WORK TO BE COMPLETED >>
Type out each record word for word. Pictures stay out.

DATA FOR ANALYSIS >>
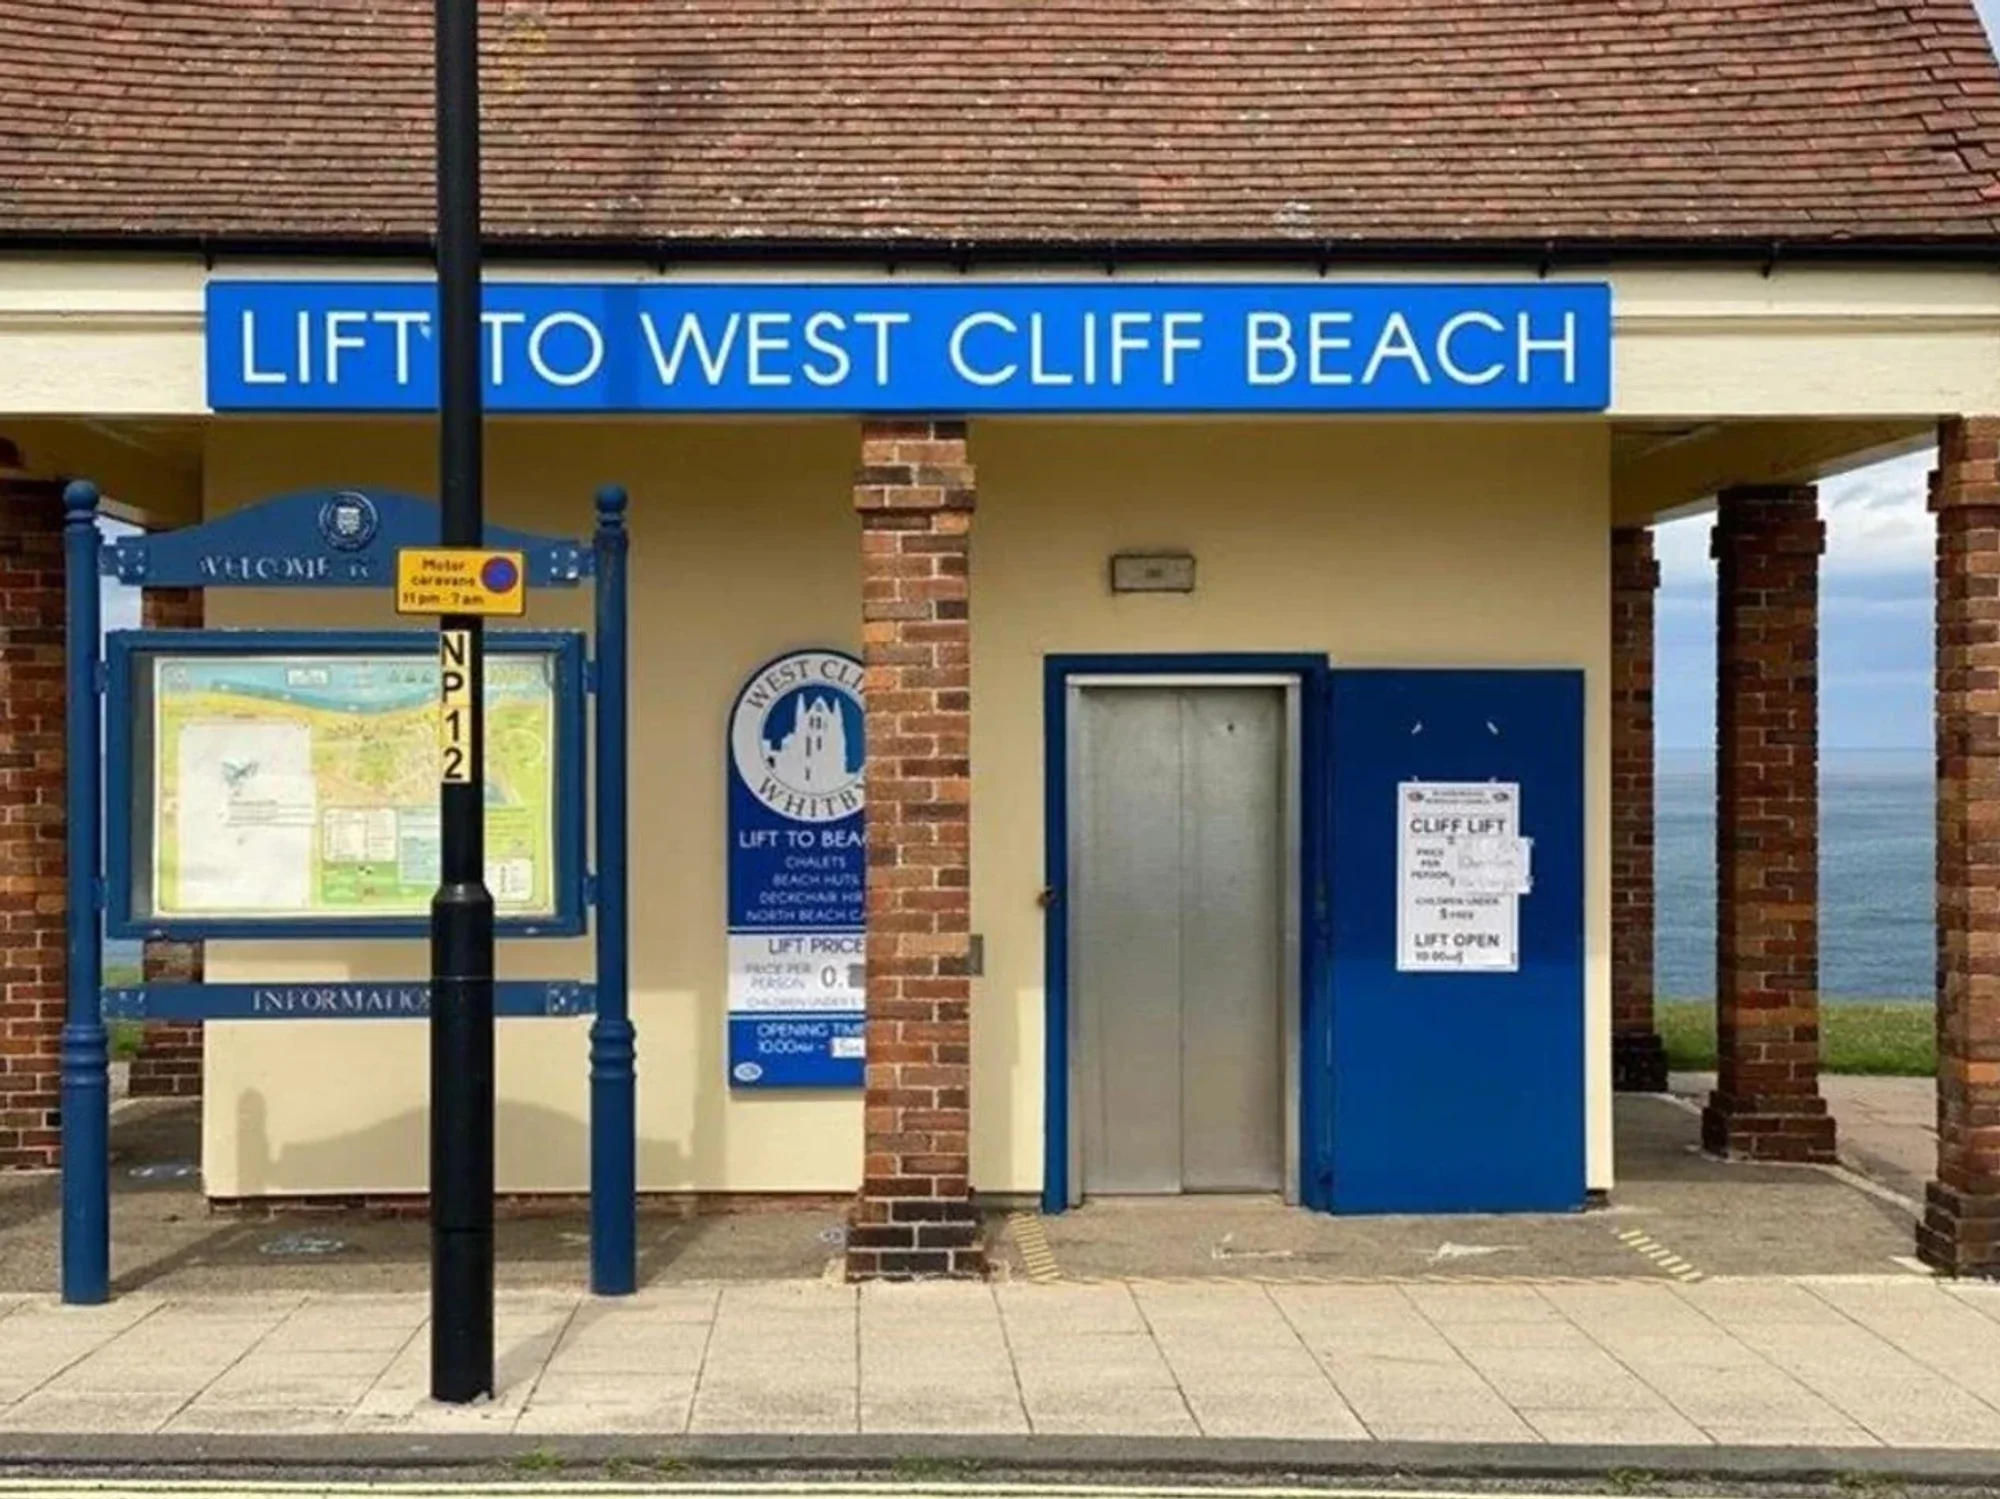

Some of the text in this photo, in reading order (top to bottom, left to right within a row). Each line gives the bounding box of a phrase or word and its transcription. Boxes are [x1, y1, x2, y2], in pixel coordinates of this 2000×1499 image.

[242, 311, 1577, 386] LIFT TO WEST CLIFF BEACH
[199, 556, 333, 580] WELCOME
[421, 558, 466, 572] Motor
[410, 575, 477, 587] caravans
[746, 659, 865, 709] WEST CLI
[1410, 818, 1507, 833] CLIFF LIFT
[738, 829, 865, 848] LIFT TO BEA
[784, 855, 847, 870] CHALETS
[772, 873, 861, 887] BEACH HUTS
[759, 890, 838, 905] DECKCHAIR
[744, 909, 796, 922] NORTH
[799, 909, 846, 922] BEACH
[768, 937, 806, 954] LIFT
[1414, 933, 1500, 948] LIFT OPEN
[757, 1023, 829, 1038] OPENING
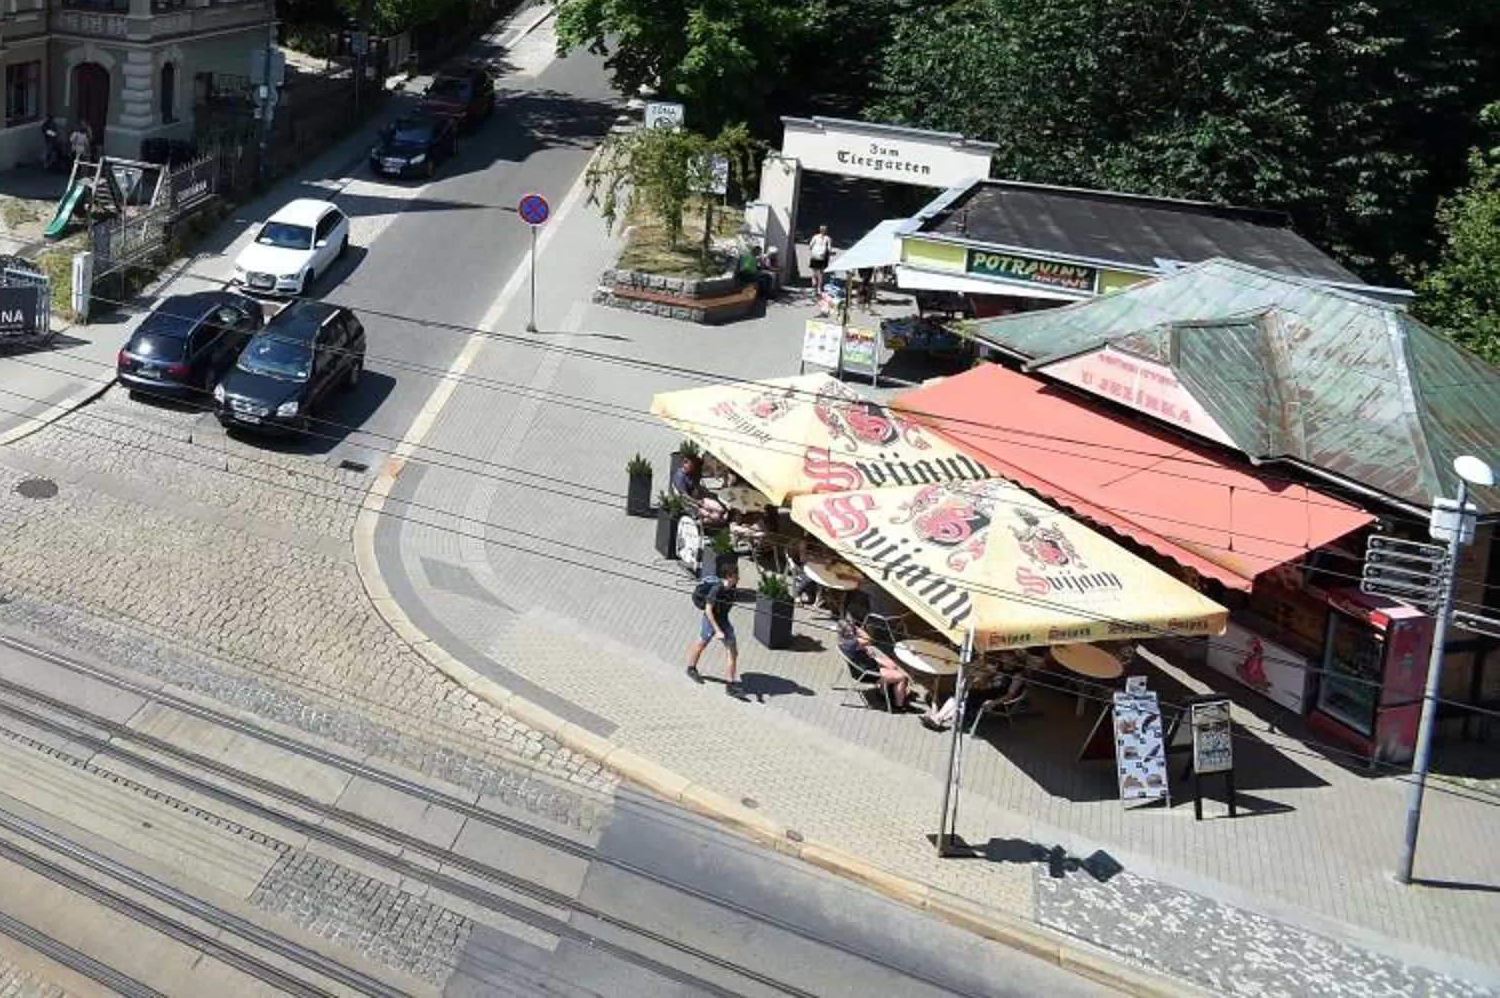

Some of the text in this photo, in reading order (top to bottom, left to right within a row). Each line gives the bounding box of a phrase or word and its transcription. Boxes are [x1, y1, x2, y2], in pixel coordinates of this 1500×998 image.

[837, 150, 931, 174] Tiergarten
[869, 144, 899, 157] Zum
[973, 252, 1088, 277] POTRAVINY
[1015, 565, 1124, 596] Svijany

ANSWER FOR THIS EXERCISE >>
Some of the text in this photo, in reading order (top to bottom, left to right within a row). Each line gives the bounding box of a phrase or word and its transcription. Boxes are [x1, y1, x2, y2], in pixel coordinates of this 2000×1499 image.

[242, 311, 1577, 386] LIFT TO WEST CLIFF BEACH
[199, 556, 333, 580] WELCOME
[421, 558, 466, 572] Motor
[410, 575, 477, 587] caravans
[746, 659, 865, 709] WEST CLI
[1410, 818, 1507, 833] CLIFF LIFT
[738, 829, 865, 848] LIFT TO BEA
[784, 855, 847, 870] CHALETS
[772, 873, 861, 887] BEACH HUTS
[759, 890, 838, 905] DECKCHAIR
[744, 909, 796, 922] NORTH
[799, 909, 846, 922] BEACH
[768, 937, 806, 954] LIFT
[1414, 933, 1500, 948] LIFT OPEN
[757, 1023, 829, 1038] OPENING

Some of the text in this photo, in reading order (top to bottom, left to right within a row). Each line gives the bounding box of a phrase or word and its transcription. Boxes are [x1, y1, x2, y2], in pixel coordinates of this 1500×998 image.

[837, 150, 931, 174] Tiergarten
[869, 144, 899, 157] Zum
[973, 252, 1088, 277] POTRAVINY
[1015, 565, 1124, 596] Svijany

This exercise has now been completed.